Mungkin relevan bahwa beberapa aspek adat Jepang - sedikit pelukan dan ciuman saat menyapa - memiliki jarak sosial yang dibangun, tetapi tidak ada yang mengira itulah jawabannya.

Apakah Jepang memiliki kekebalan khusus?

Profesor Universitas Tokyo Tatsuhiko Kodama - yang mempelajari bagaimana pasien Jepang bereaksi terhadap virus - percaya bahwa Jepang mungkin pernah menderita Covid sebelumnya.

Bukan Covid-19, tetapi sesuatu yang serupa yang bisa meninggalkan "kekebalan historis".

Ini adalah bagaimana dia menjelaskannya: Ketika virus memasuki tubuh manusia, sistem kekebalan menghasilkan antibodi yang menyerang patogen yang menyerang.

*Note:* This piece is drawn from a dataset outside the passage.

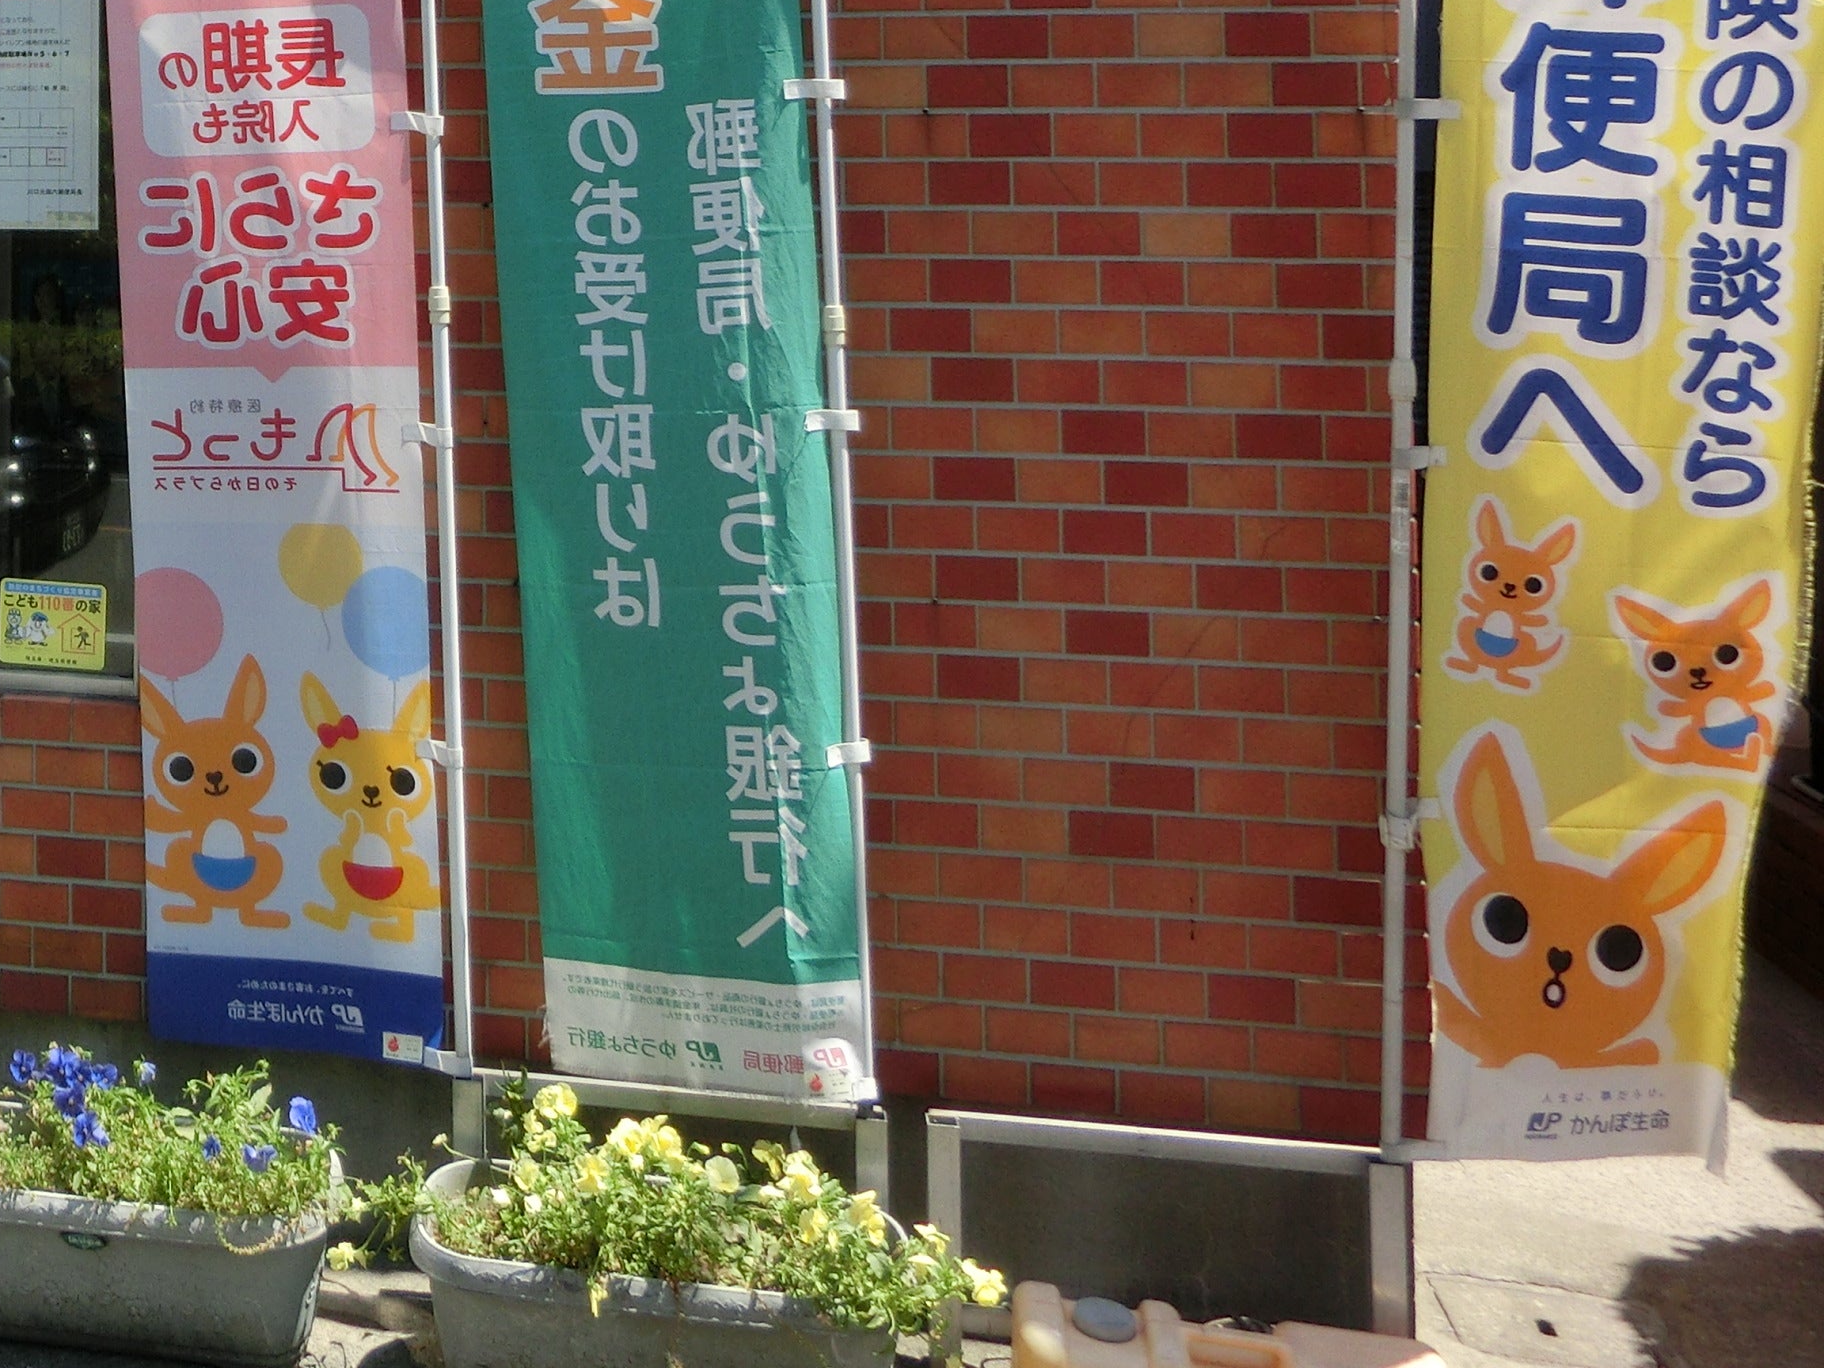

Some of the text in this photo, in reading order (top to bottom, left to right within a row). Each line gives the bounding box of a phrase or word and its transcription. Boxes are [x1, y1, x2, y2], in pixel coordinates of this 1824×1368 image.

[3, 593, 102, 614] こども110番の家
[1526, 1108, 1671, 1135] JP かんぽ生命
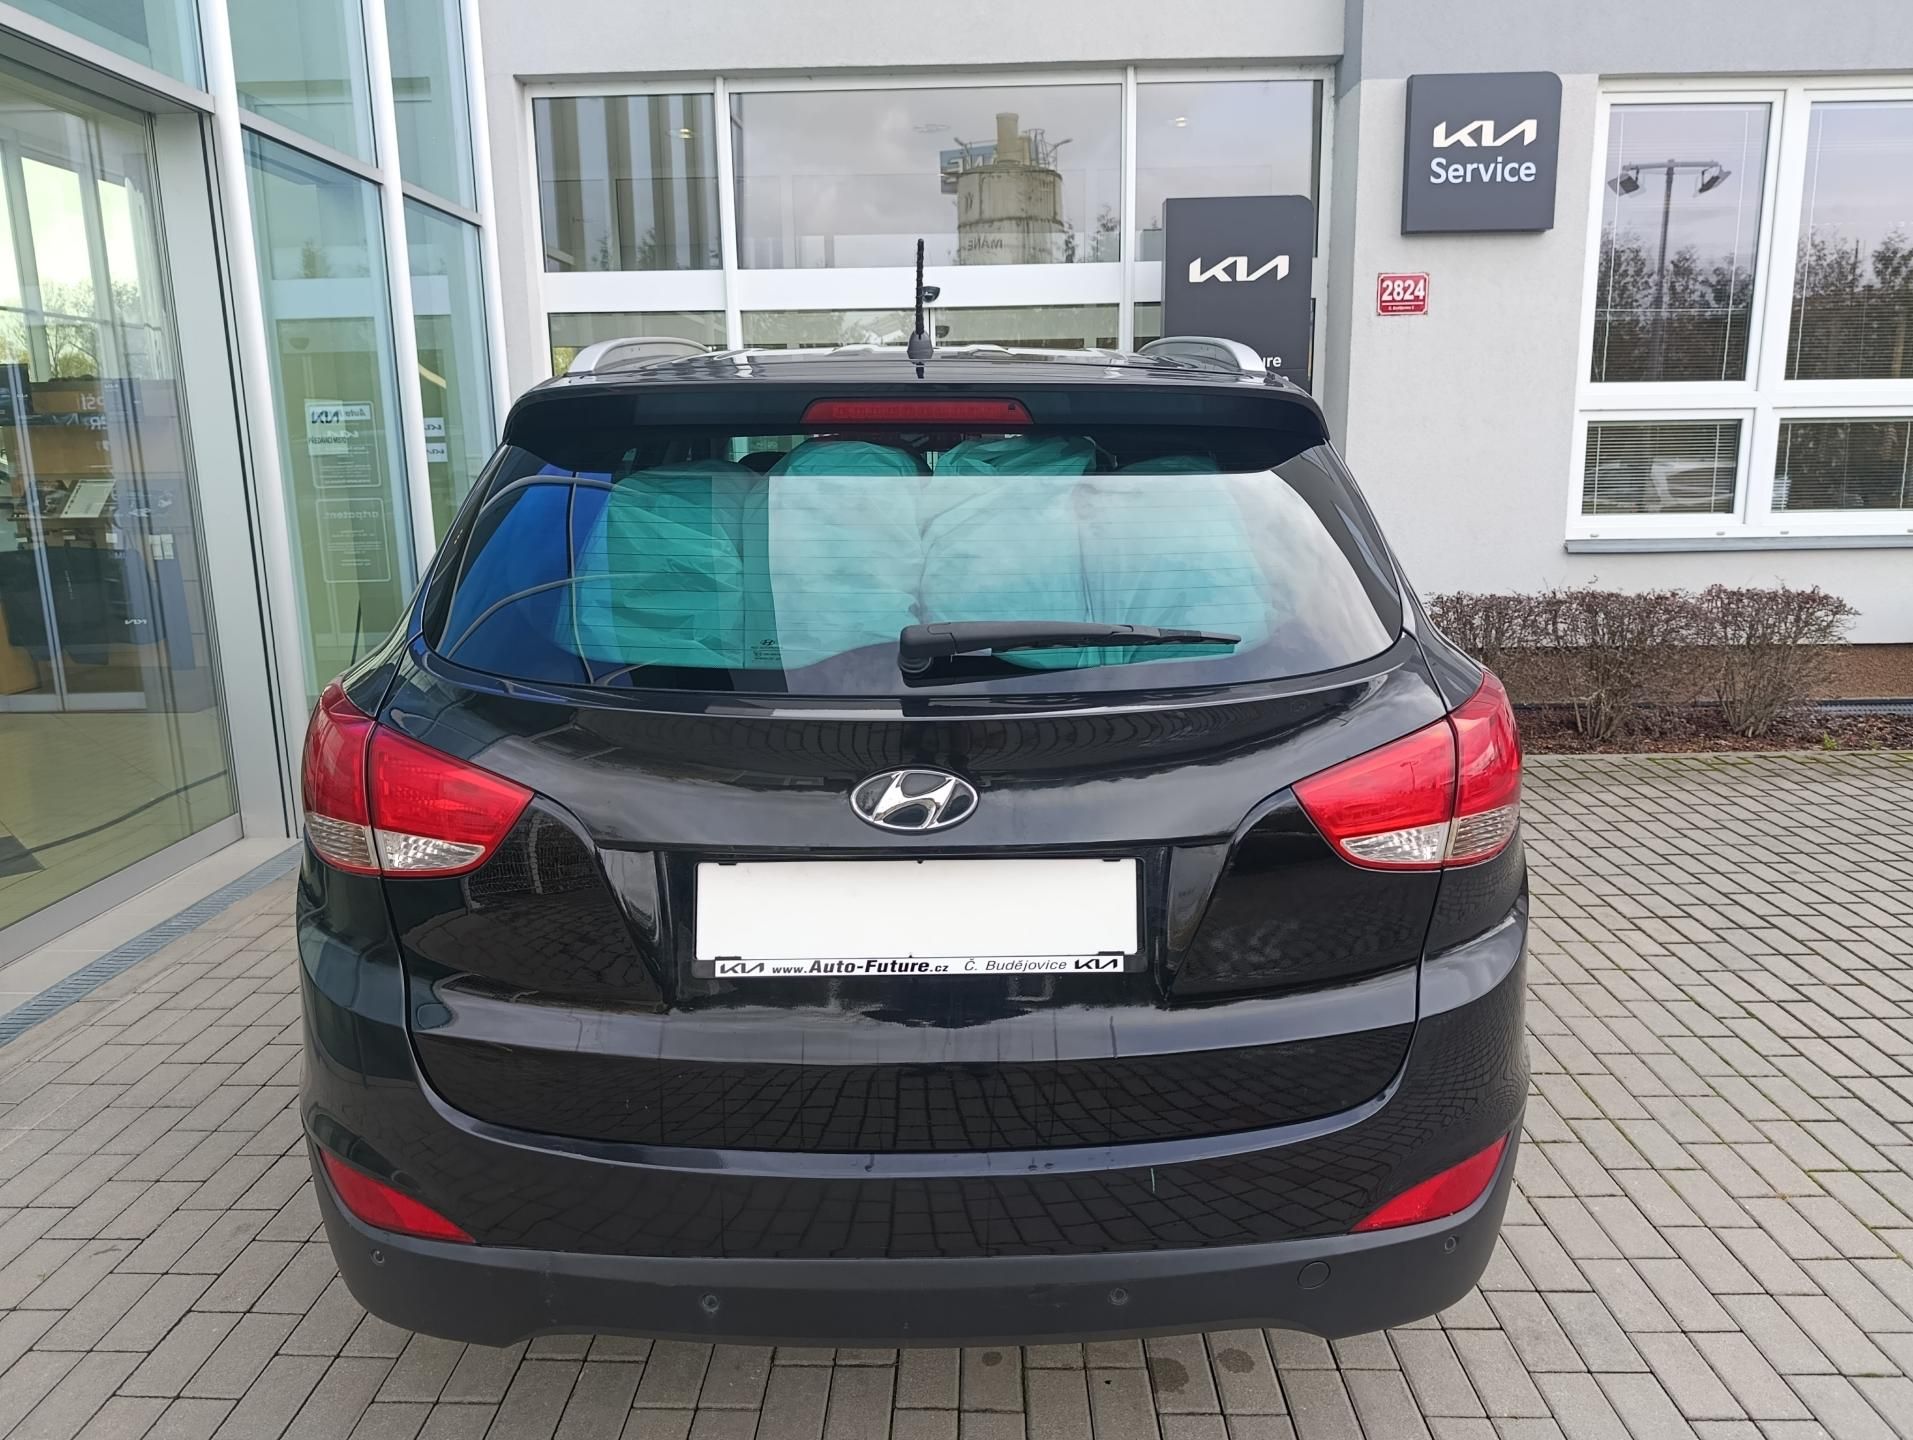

Ada dua jenis antibodi - IGM dan IGG. Cara mereka merespons dapat menunjukkan apakah seseorang pernah terkena virus sebelumnya, atau yang serupa.

"Dalam infeksi virus primer (baru), respons IGM biasanya didahulukan," katanya kepada saya.

"Kemudian respons IGG muncul kemudian. Tetapi dalam kasus sekunder (paparan sebelumnya) limfosit sudah memiliki memori, dan hanya respons IGG yang meningkat dengan cepat."

Jadi, apa yang terjadi dengan pasiennya?

"Ketika kami melihat tes kami terkejut ... pada semua pasien respon IGG datang dengan cepat, dan respon IGM muncul kemudian dan lemah. Sepertinya mereka sebelumnya terkena virus yang sangat mirip."

Dia berpikir ada kemungkinan virus seperti SARS telah beredar di wilayah tersebut sebelumnya, yang dapat menyebabkan tingkat kematian yang rendah, tidak hanya di Jepang, tetapi di sebagian besar Cina, Korea Selatan, Taiwan, Hong Kong dan Asia Tenggara.

A customer sings a song using a karaoke machine
Getty Images
Aktivitas seperti karaoke, yang dilabeli sebagai aktivitas risiko tinggi - sangat populer di Jepang

Namun, teori ini ditanggapi skeptis sejumlah pihak.

"Saya tidak yakin bagaimana virus semacam itu dapat dibatasi untuk Asia," kata Profesor Kenji Shibuya, direktur Kesehatan Masyarakat di Kings College, London dan mantan penasihat senior pemerintah.